ISLAMABAD: The Islamabad High Court (IHC) has scrapped a newly-introduced policy for the selection of community welfare attaches (CWAs) for 12 foreign missions in Europe, USA, UK and other parts of the world.

The Ministry of Overseas Pakistanis and the Human Resource Development changed the selection criteria by amending the policy. Under the changes, officers required to secure 40pc marks in interview and 60pc marks in written test to qualify for the foreign posting.

Previously, a candidate required 20pc in interview and 80pc marks in the written test.

Interestingly, applications were sought under the previous policy and the candidates qualified the written test in accordance with the policy introduced in 2016.

However, the overseas ministry in December last year changed the selection criteria after the candidates had qualified the written test.

Subsequently, some candidates challenged the recommendation of the interview committee not to appoint them against the posts of community welfare attaches in Pakistan’s diplomatic missions abroad.

Furthermore, the petitioners assail the retrospective application of the amendments approved by the prime minister in the “Policy guidelines for foreign appointments and postings in Pakistan’s diplomatic missions abroad and against Pakistan’s seats in international, multilateral, bilateral and regional organisations, fora and bodies.”

Shahid Mehmood Khokhar, the counsel for the petitioners, adopted before the court that on October 27, 2019, the overseas ministry published an advertisement inviting applications for the selection of CWAs under the 2016 selection policy.

He said as per the contents of the advertisement, the written test was to be conducted by the Institute of Business Administration (IBA), Karachi, on Nov24.

He said under paragraph viii of the 2016 policy, 80pc weightage would be given to the written test scores and 20pc to the interview scores whereas paragraph ix provided that no minimum passing marks shall be fixed for the interview and no candidate would be deemed to have failed in the selection process merely on the basis of their performance in the interview.

He said the ministry moved a summary for the prime minister, proposing an amendment to the 2016 policy under which the minimum passing marks for the interview shall be 60pc and that candidates scoring less than the required threshold shall be deemed to have failed to qualify for the posts.

According to him, the Establishment Division had not agreed with the proposal of the ministry.

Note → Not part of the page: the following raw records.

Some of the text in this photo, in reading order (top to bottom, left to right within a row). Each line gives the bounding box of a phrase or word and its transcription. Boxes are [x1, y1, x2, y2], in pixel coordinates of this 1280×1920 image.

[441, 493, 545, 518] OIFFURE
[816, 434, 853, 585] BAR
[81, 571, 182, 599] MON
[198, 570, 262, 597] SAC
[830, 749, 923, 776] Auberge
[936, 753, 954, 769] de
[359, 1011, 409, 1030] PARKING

However, on Dec 10, the prime minister approved the proposal.

IHC Justice Miangul Hassan Aurangzeb observed that there was no fetter on the government in amending its policies and the superior courts had generally exercised restraint in interfering with the policy-making domain of the executive while exercising its power of judicial review of administrative actions.

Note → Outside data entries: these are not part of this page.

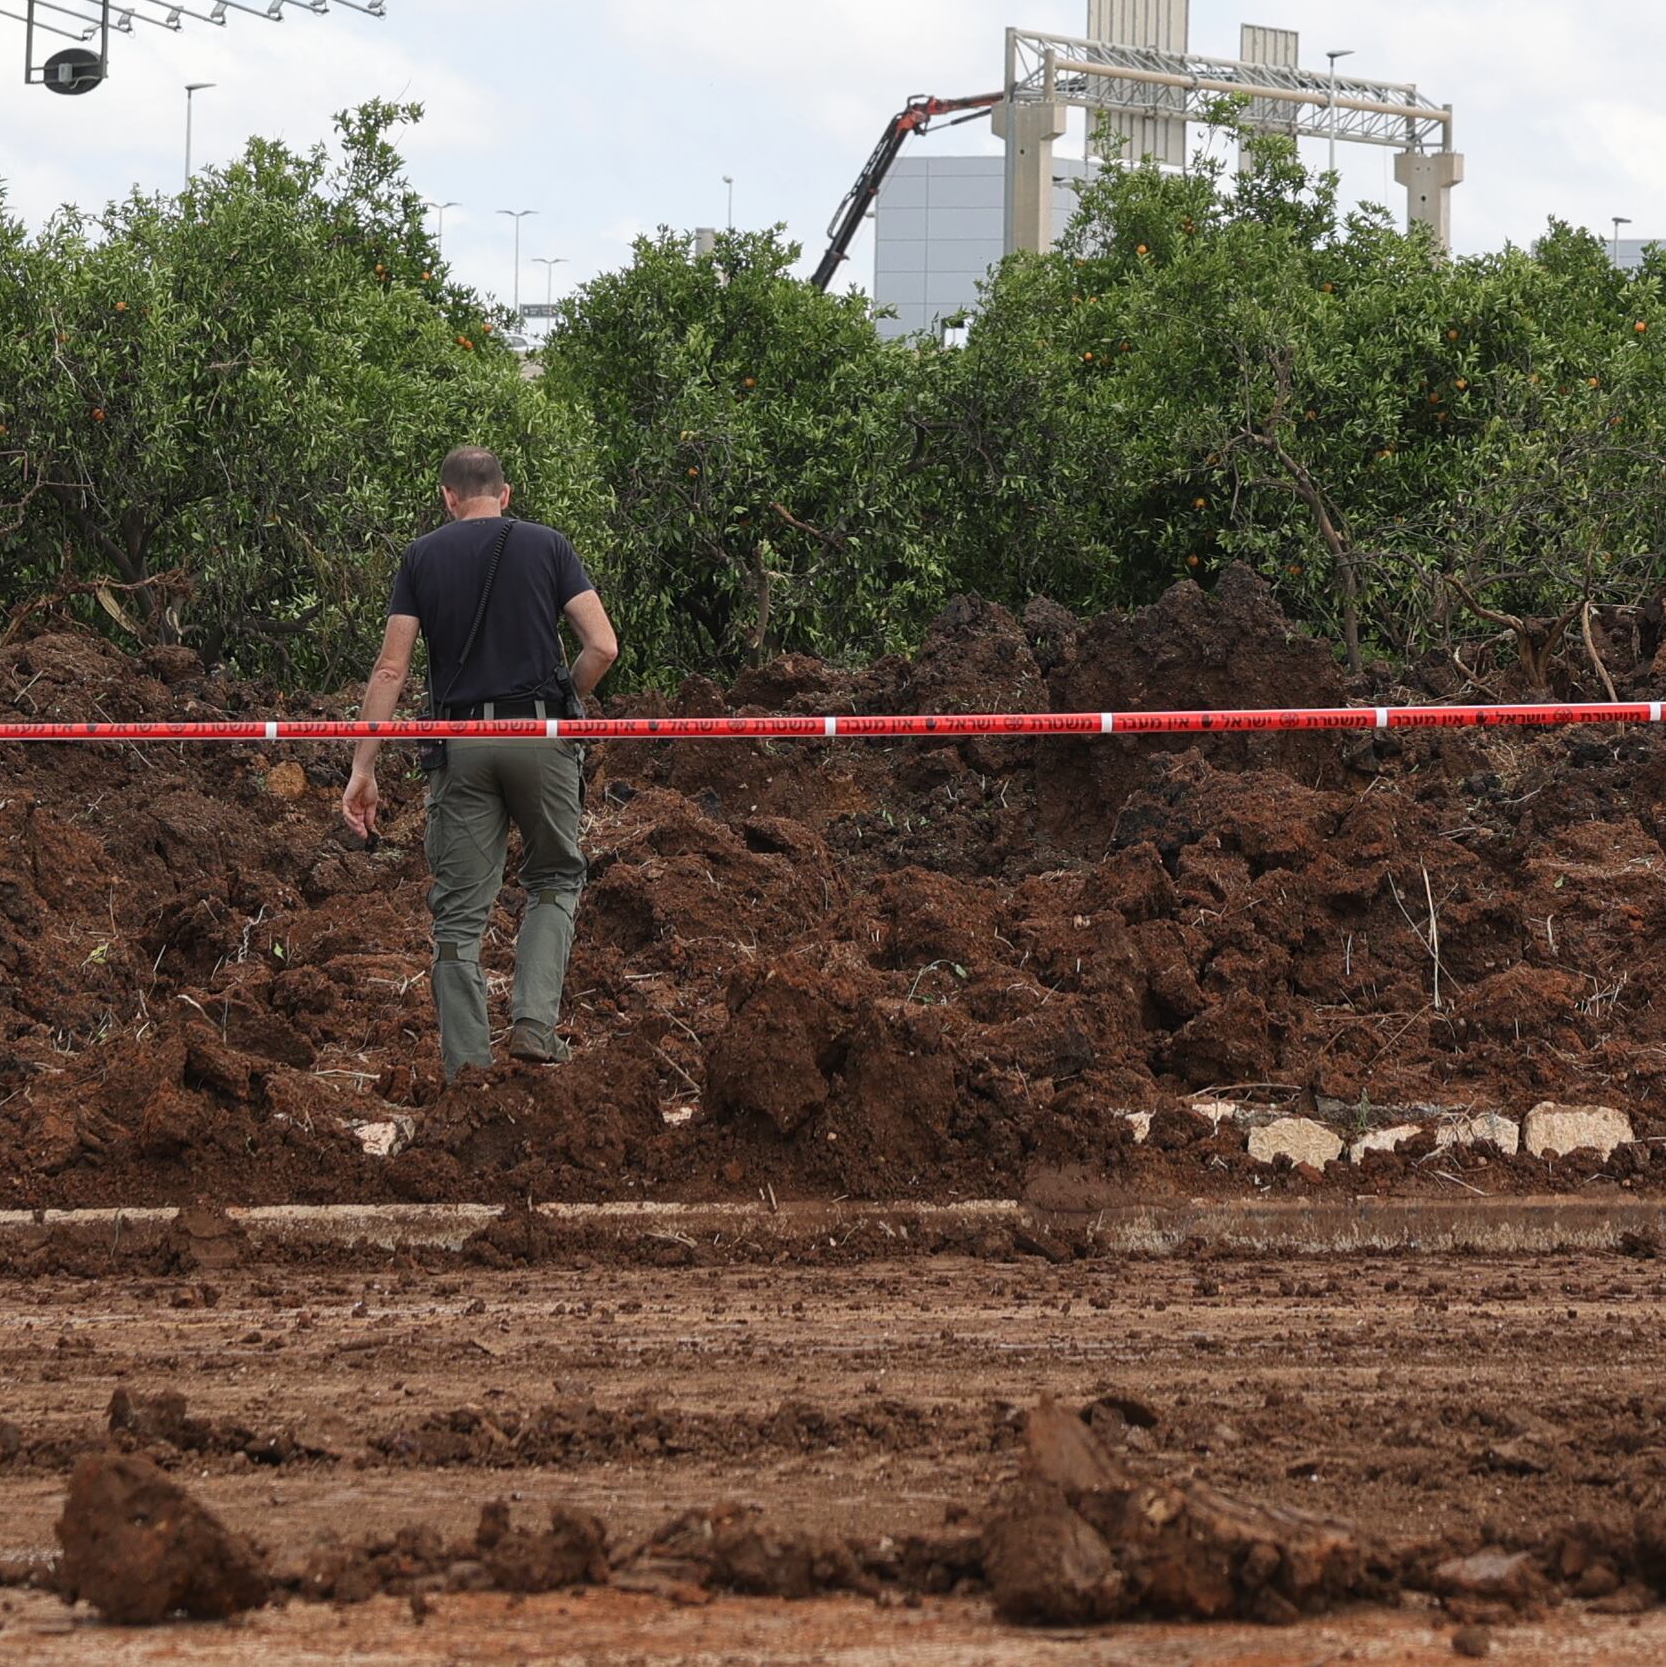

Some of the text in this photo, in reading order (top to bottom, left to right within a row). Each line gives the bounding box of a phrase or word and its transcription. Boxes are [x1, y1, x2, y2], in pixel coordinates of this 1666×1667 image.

[1118, 715, 1367, 730] משטרת ישראל אין מעבר
[1393, 715, 1436, 725] מעבר
[1496, 711, 1545, 724] ישראל
[1581, 712, 1641, 722] משטרת
[567, 720, 816, 735] משטרת ישראל אין מעבר
[842, 718, 1092, 733] משטרת ישראל אין מעבר

The reluctance of the superior courts to judicially examine administrative decisions involving policy considerations has time and again been emphasised in the cases.

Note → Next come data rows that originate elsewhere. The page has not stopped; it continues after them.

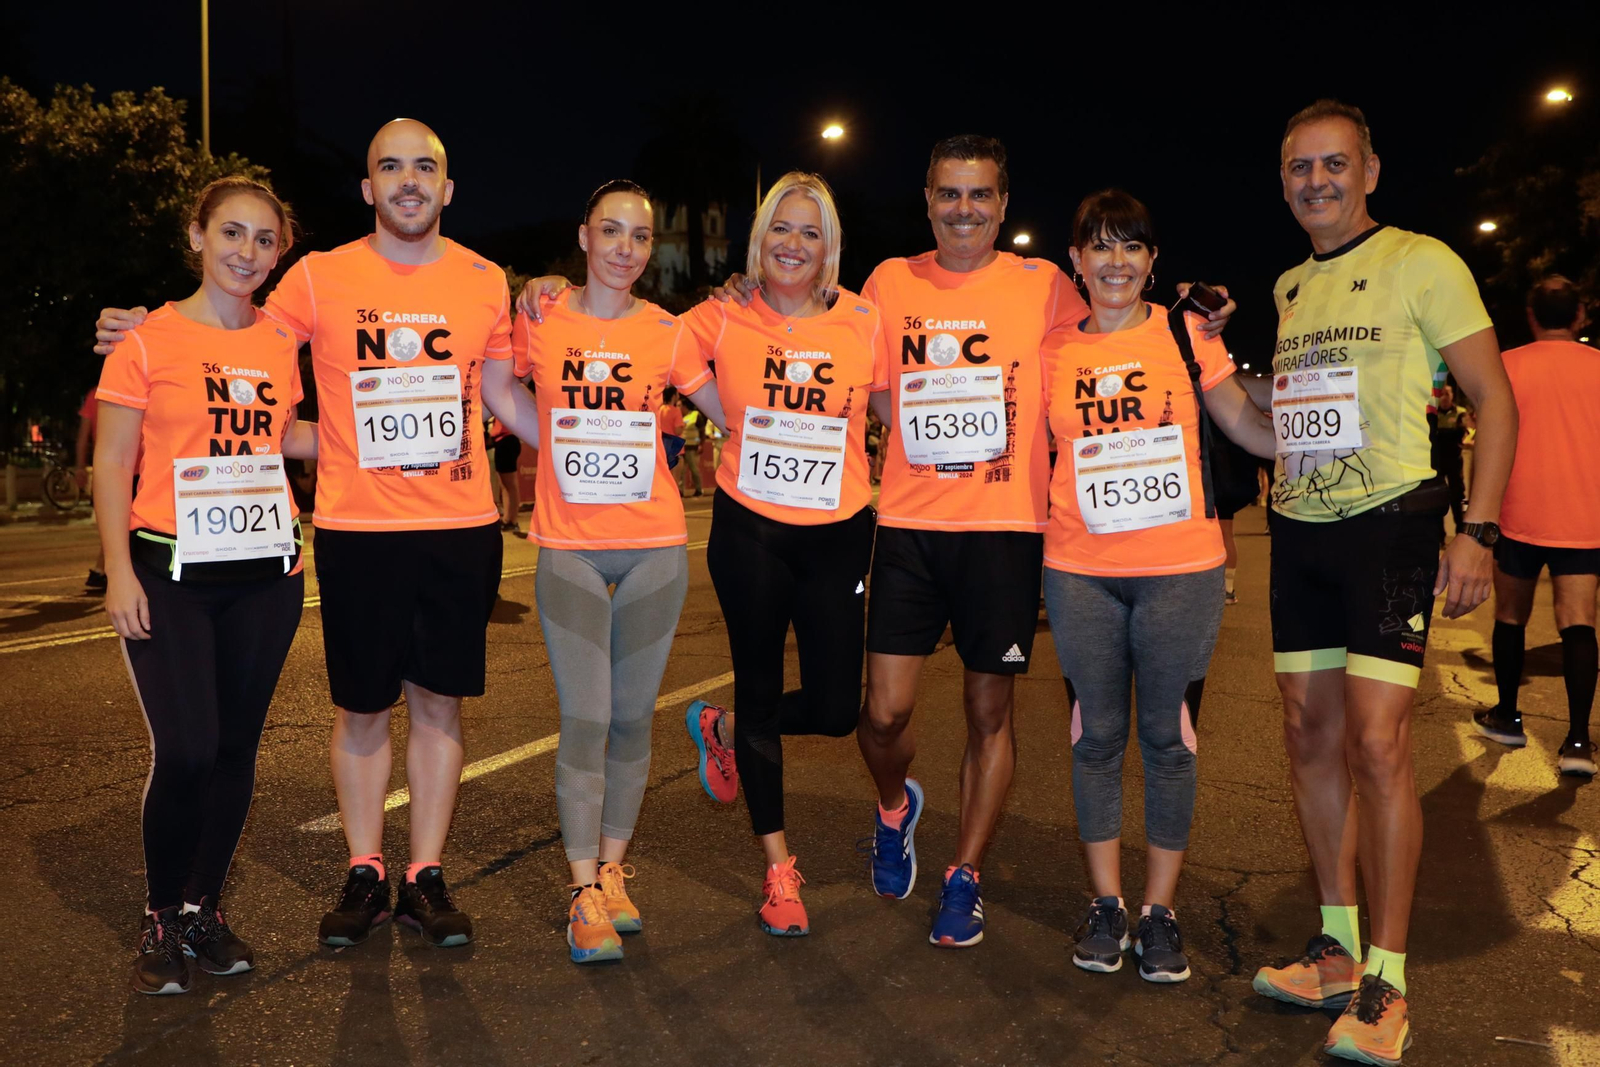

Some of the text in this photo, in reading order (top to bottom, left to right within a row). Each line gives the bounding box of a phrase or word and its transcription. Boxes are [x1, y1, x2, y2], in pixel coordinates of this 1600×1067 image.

[356, 309, 447, 324] 36 CARRERA
[904, 316, 986, 330] 36 CARRERA
[1302, 325, 1382, 348] PIRÁMIDE
[566, 347, 630, 360] 36 CARRERA
[767, 345, 832, 360] 36 CARRERA
[202, 363, 269, 379] 36 CARRERA
[1076, 361, 1142, 377] 36 CARRERA
[562, 386, 626, 410] TUR
[763, 383, 826, 412] TUR
[1076, 396, 1145, 426] TUR
[208, 407, 272, 437] TUR
[364, 411, 456, 442] 19016
[909, 411, 998, 441] 15380
[1280, 408, 1341, 440] 3089
[210, 438, 253, 457] NA
[565, 451, 638, 479] 6823
[750, 451, 836, 485] 15377
[1086, 472, 1181, 509] 15386
[187, 503, 280, 536] 19021

He observed that now the judicial review of administrative actions is a well-established norm.

It is permissible on the ground of illegality or irrationality or procedural impropriety. But it is also well settled that administrative decisions involving policy considerations have been put on a different pedestal.

Though they are not totally immune from judicial review, certain grounds, which are available in the case of administrative decisions not involving policy considerations, are not open for challenging the policy decisions.

The court noted that when the petitioners sat in the written test, they did so bearing in mind that their result in the written test would play a dominant role in the appointment process. Their endeavour to obtain good marks in the written test was on the basis of the 2016 policy providing for 80pc wheightage to be given to the written test scores and for their performance in the interview not to result in their ouster from competition.

“I am of the view that such amendments, which were made after the competitive process had commenced and the petitioners had qualified the written test, cannot be given retrospective effect by making them applicable to the process,” observed Justice Aurangzeb.

The judge declared that the policy introduced by the government after the candidates qualified the written test cannot be applied for the selection of CWAs. He directed the government to deal them in accordance with the 2016 policy.